[Saved entries]
===
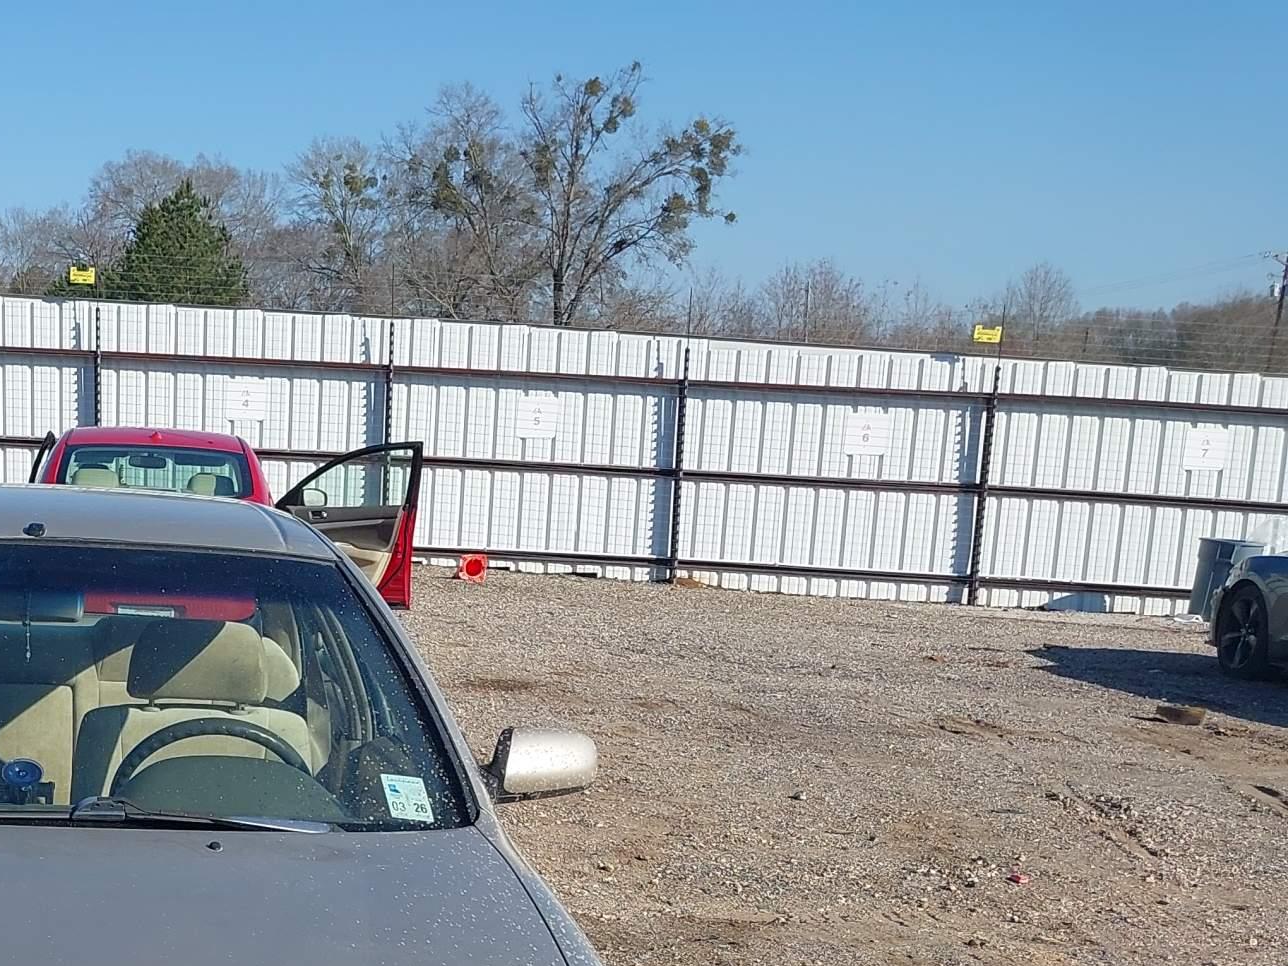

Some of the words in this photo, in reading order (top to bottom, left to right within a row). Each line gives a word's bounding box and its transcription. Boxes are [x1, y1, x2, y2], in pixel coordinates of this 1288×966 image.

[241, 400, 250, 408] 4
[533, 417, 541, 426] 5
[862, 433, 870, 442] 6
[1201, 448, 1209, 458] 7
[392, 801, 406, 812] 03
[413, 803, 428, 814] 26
===
> _Try it_
The images are to be left out; every line above should be set down exactly.

> _Answer to this task_
Some of the words in this photo, in reading order (top to bottom, left to right within a row). Each line gives a word's bounding box and its transcription. Boxes are [x1, y1, x2, y2], in pixel coordinates of this 1288×966 image.

[241, 400, 250, 408] 4
[533, 417, 541, 426] 5
[862, 433, 870, 442] 6
[1201, 448, 1209, 458] 7
[392, 801, 406, 812] 03
[413, 803, 428, 814] 26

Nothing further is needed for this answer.